Central to our concerns is a counterintuitive thesis: the ecological crisis does not push communism further away; instead, it calls for its urgent return. It is true that communism must shed its productivist trappings in order to become ecological, that it must reorient itself in an era of global warming, and that it must realize the utopian prerogatives of rural communes. But, if we agree to resuscitate communism, it must be as the “cosmopolitics” of the Anthropocene.[3] Perhaps a cosmic politics is a laughable proposition; nevertheless, it is undeniable that ecology involves beings that are “other than humans,” and so new realities for political thought are open for consideration.[4] Whether to fight against the destruction of the biosphere, for the survival of the ozone layer, for the preservation of those species that can still be saved, or for controlling the spread of a virus, nonhuman interests in politics must be addressed. Moving forward, politics must also be conducted with a regard for beings that act silently. Acting in respect to their interests (the survival of the bees, for example) is also done in respect of our best interests (the need for pollination for agricultural production). As the public health crisis in the global ecosystem brought on by the spread of Covid-19 has shown, it is in our best interests that the environments of bats (one of the principal reservoirs of virological biodiversity) remain relatively unthreatened by human activities.[5] And it is the same for perma-frost, virgin forests, wetlands, and other relatively untarnished natural habitats. But nonhuman ways of intervening are very different from ours. They do not unite in parties, soviets, or revolutions. Inaugurating an ecological communism assumes an understanding of the type of agency that is unique to life.

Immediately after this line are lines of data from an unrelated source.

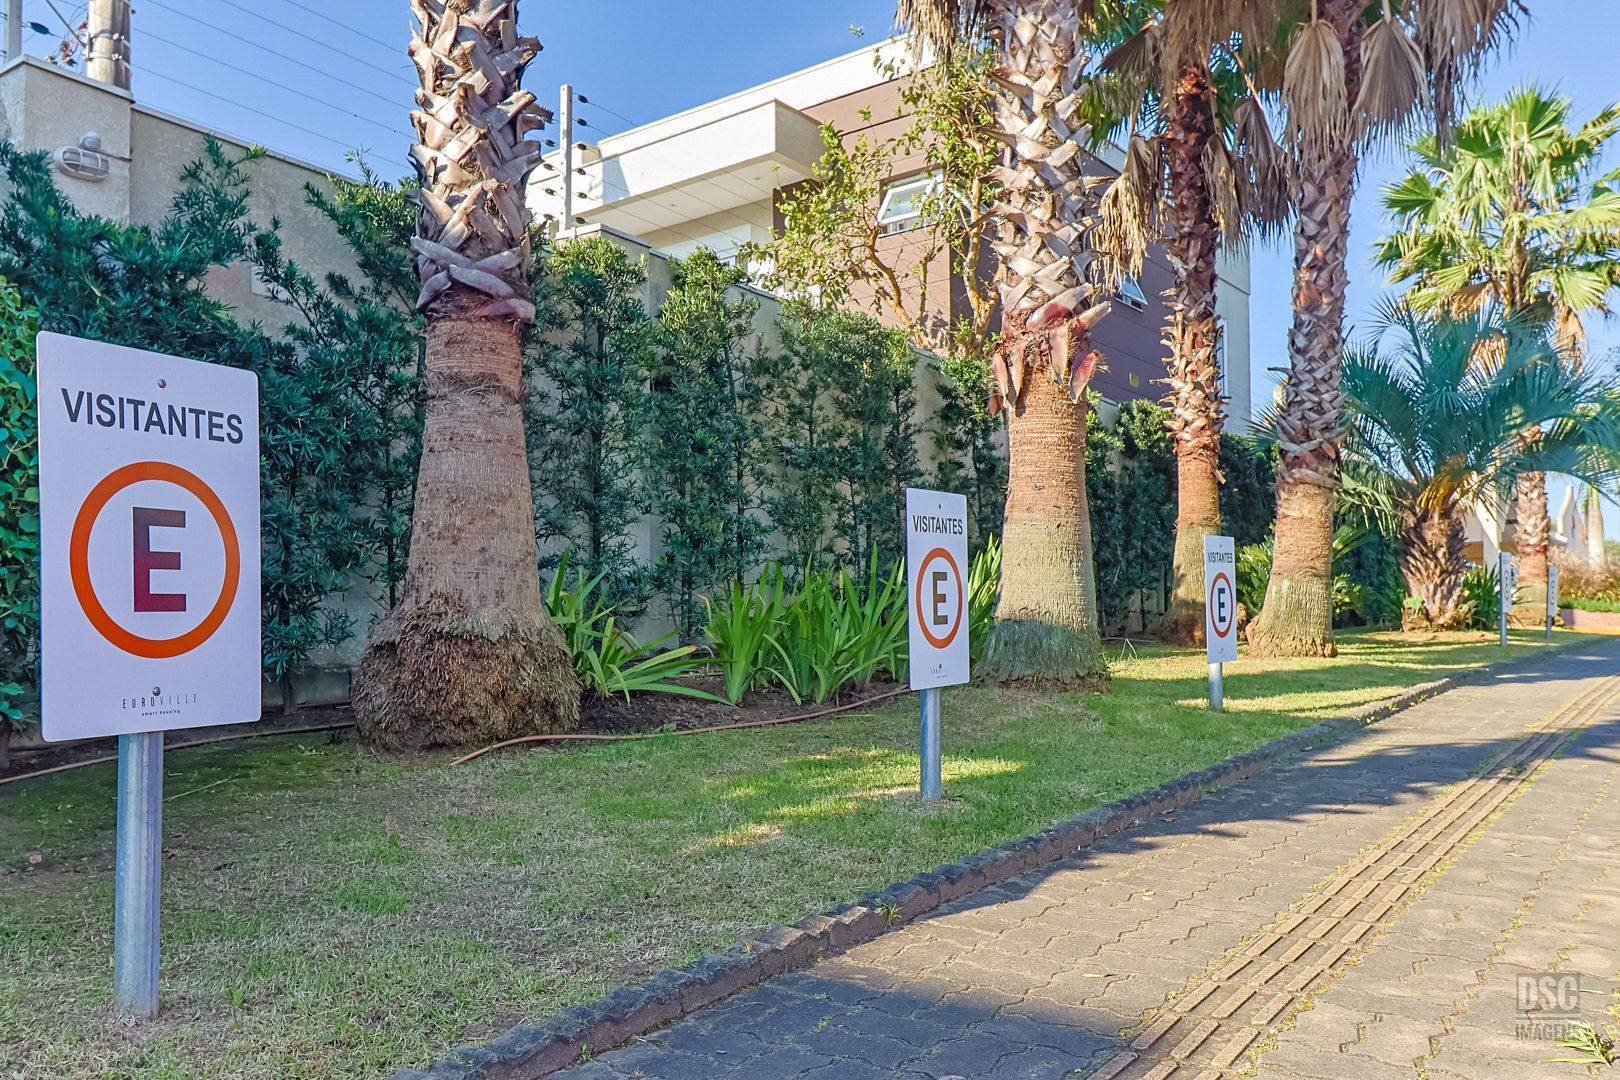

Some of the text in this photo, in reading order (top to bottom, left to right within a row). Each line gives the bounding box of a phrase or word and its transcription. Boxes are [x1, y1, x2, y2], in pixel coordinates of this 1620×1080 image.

[60, 387, 244, 445] VISITANTES
[912, 514, 963, 535] VISITANTES
[132, 506, 187, 613] E
[1207, 551, 1233, 564] VISITANTES
[932, 571, 948, 626] E
[1217, 587, 1226, 623] E
[122, 693, 198, 709] EUROVILLE

Communism must become ecological. And yet this argument is incomplete if it does not include its corollary: political ecology can become truly revolutionary only by becoming communist. This counter-intuitive claim activates the seemingly archaic vocabulary of Marxism. Seeing this logic through to its conclusion requires us to understand what in communism’s heritage we must claim for ourselves.
[1] Serge Audier, L’Âge productiviste. Hégémonie prométhéenne, brèches et alternatives écologiques (Paris: La Découverte, 2019), 60.
[2] Henri Lefebvre, The Production of Space, trans. Donald Nicholson-Smith (Hoboken, NJ: Wiley-Blackwell, 1992).
[3] Eduardo Viveiros de Castro, Cannibal Metaphysics, trans. Peter Skafish (Minneapolis: University of Minnesota Press, 2014), 60.
[4] Ibid., 60.
[5] On the connection between Covid-19 and the destruction of bat habitats by deforestation, see Andreas Malm, Corona, Climate, Chronic Emergency: War Communism in the Twenty-First Century (London: Verso, 2020).